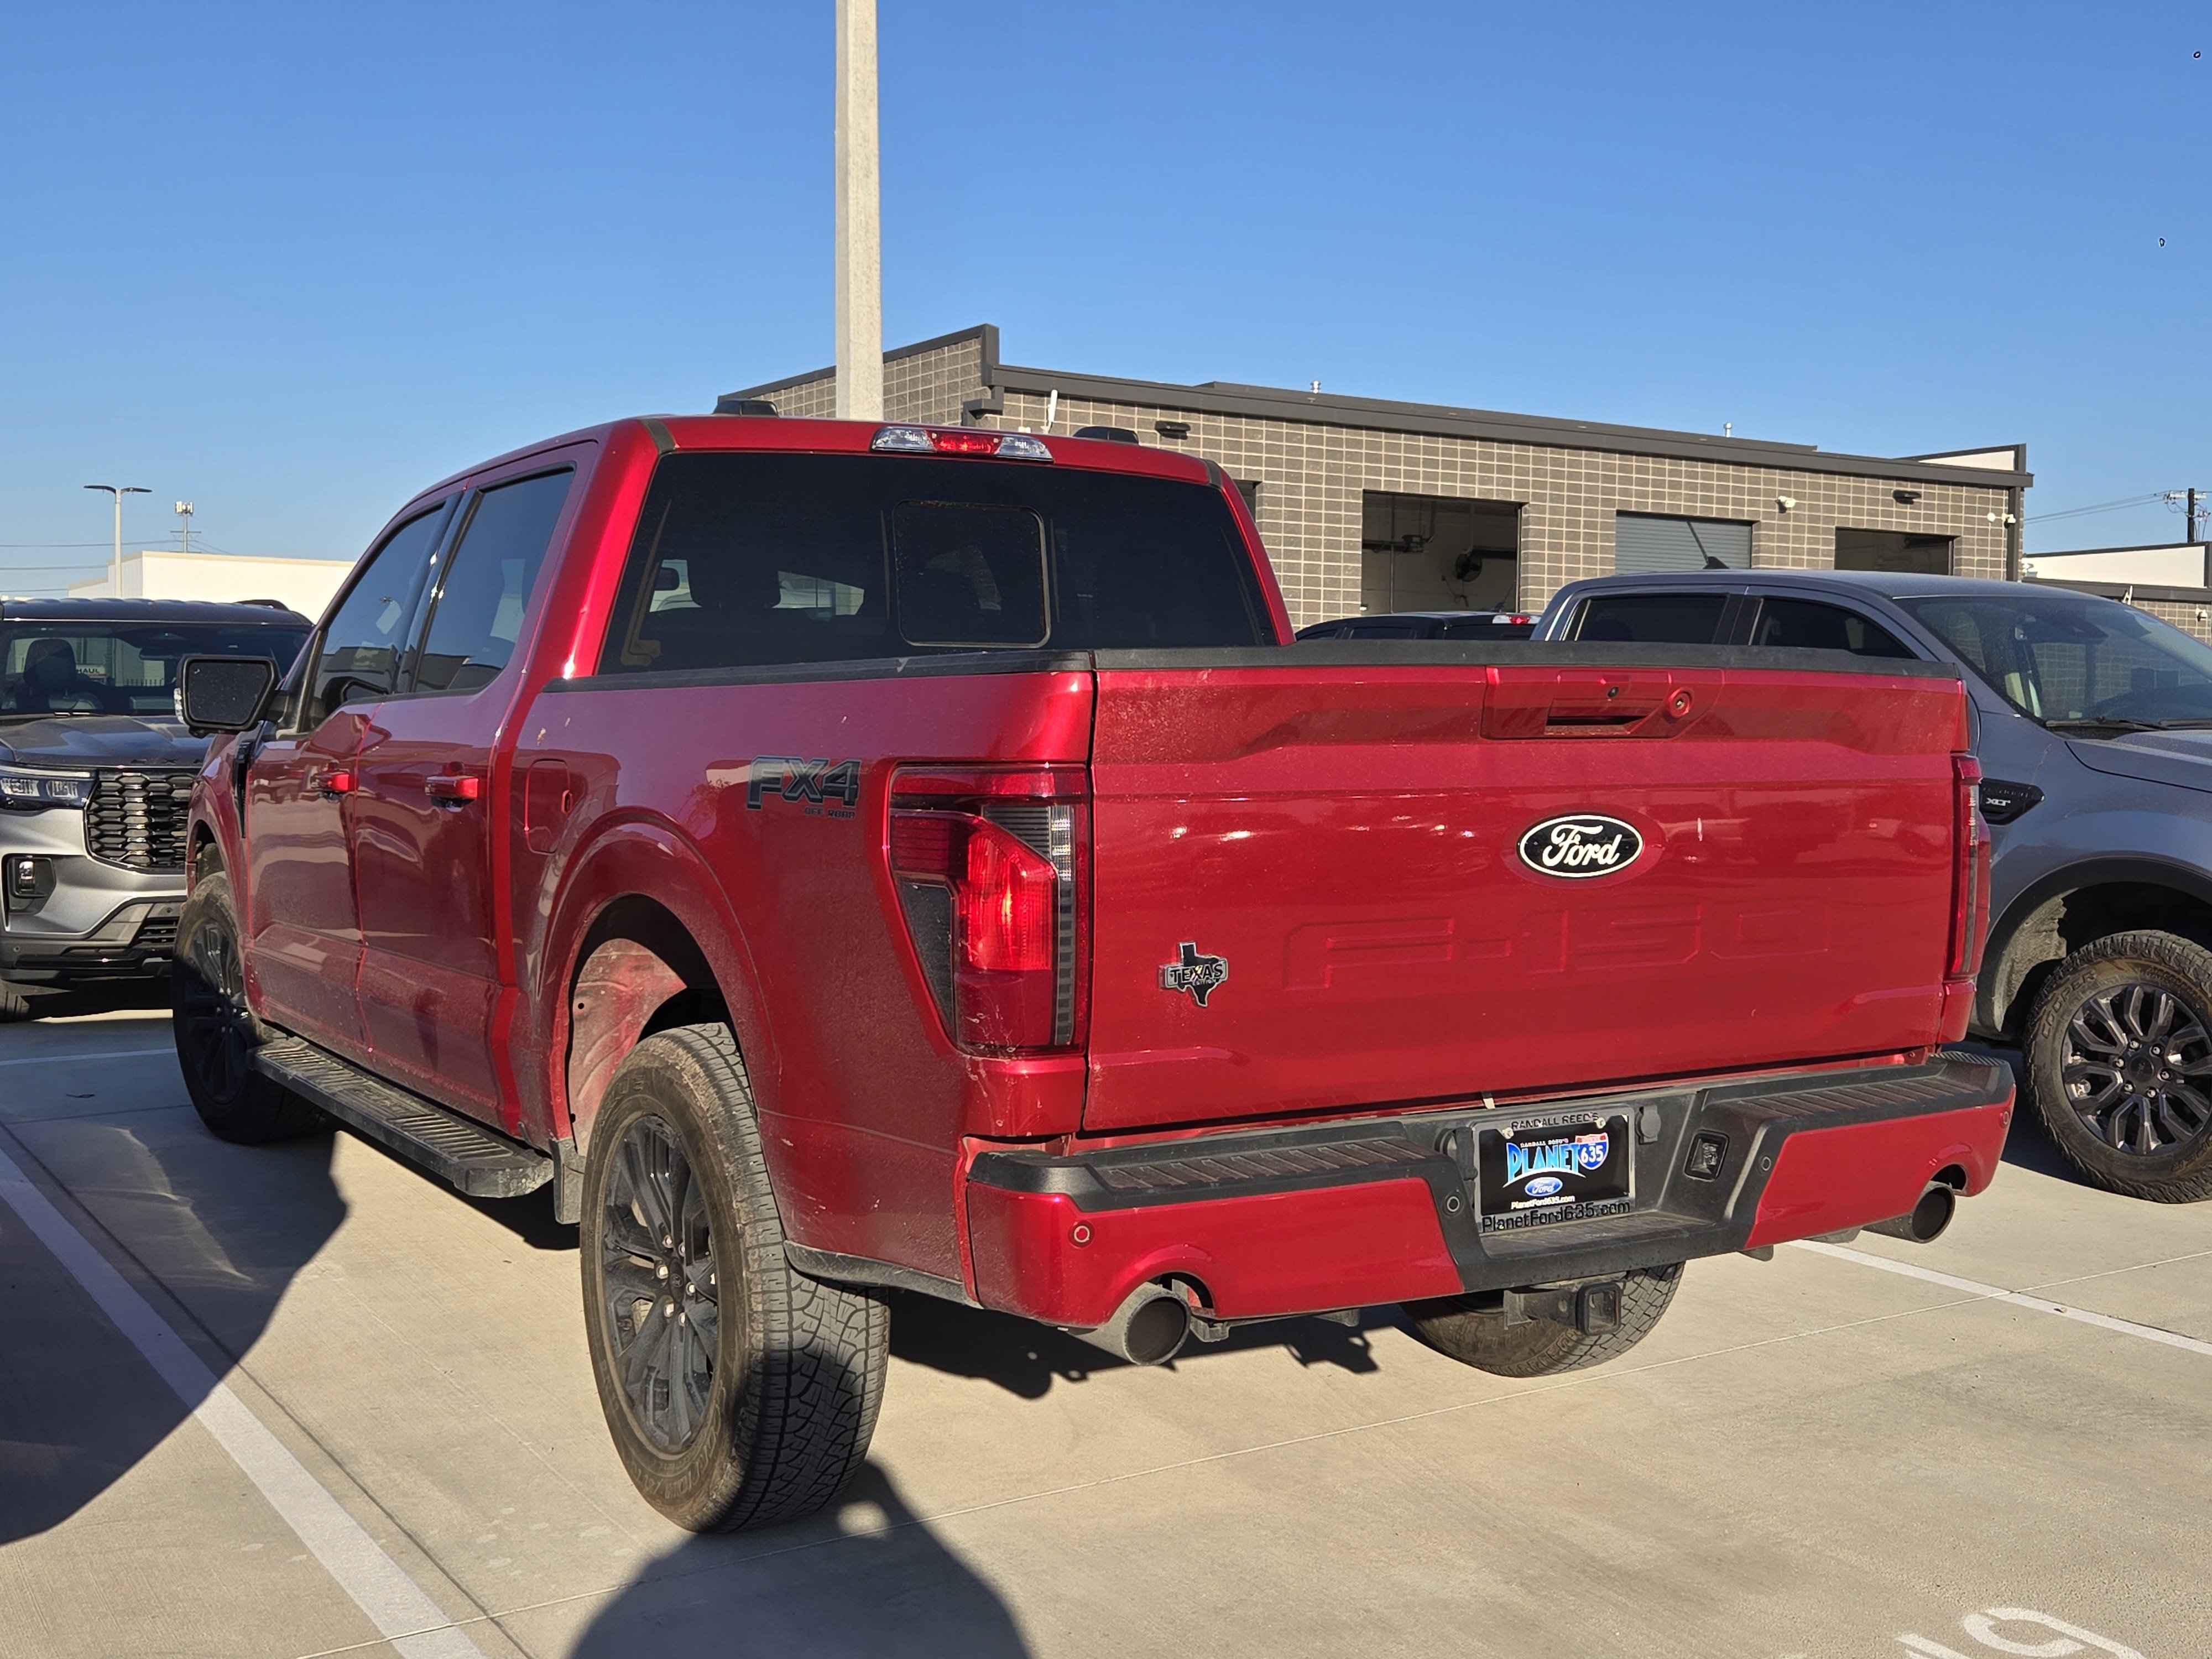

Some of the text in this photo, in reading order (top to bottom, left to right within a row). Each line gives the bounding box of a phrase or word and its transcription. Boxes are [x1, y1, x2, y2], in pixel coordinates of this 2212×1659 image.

[747, 755, 861, 811] FX4
[1986, 797, 2011, 806] XLT
[804, 807, 855, 820] OFF ROAD
[1542, 824, 1623, 867] Ford
[1283, 897, 1830, 990] F-150
[1170, 964, 1223, 983] TEXAS
[1511, 1118, 1559, 1130] RANDALL
[1506, 1141, 1581, 1183] PLANET
[1580, 1145, 1604, 1164] 635
[1532, 1182, 1554, 1194] Ford
[1482, 1201, 1631, 1233] PlanetFord635.com

────────────────────

Directions — Without the pictures, return the records above exactly as written.

The completed task —
Some of the text in this photo, in reading order (top to bottom, left to right within a row). Each line gives the bounding box of a phrase or word and its transcription. Boxes are [x1, y1, x2, y2], in pixel coordinates of this 2212×1659 image.

[747, 755, 861, 811] FX4
[1986, 797, 2011, 806] XLT
[804, 807, 855, 820] OFF ROAD
[1542, 824, 1623, 867] Ford
[1283, 897, 1830, 990] F-150
[1170, 964, 1223, 983] TEXAS
[1511, 1118, 1559, 1130] RANDALL
[1506, 1141, 1581, 1183] PLANET
[1580, 1145, 1604, 1164] 635
[1532, 1182, 1554, 1194] Ford
[1482, 1201, 1631, 1233] PlanetFord635.com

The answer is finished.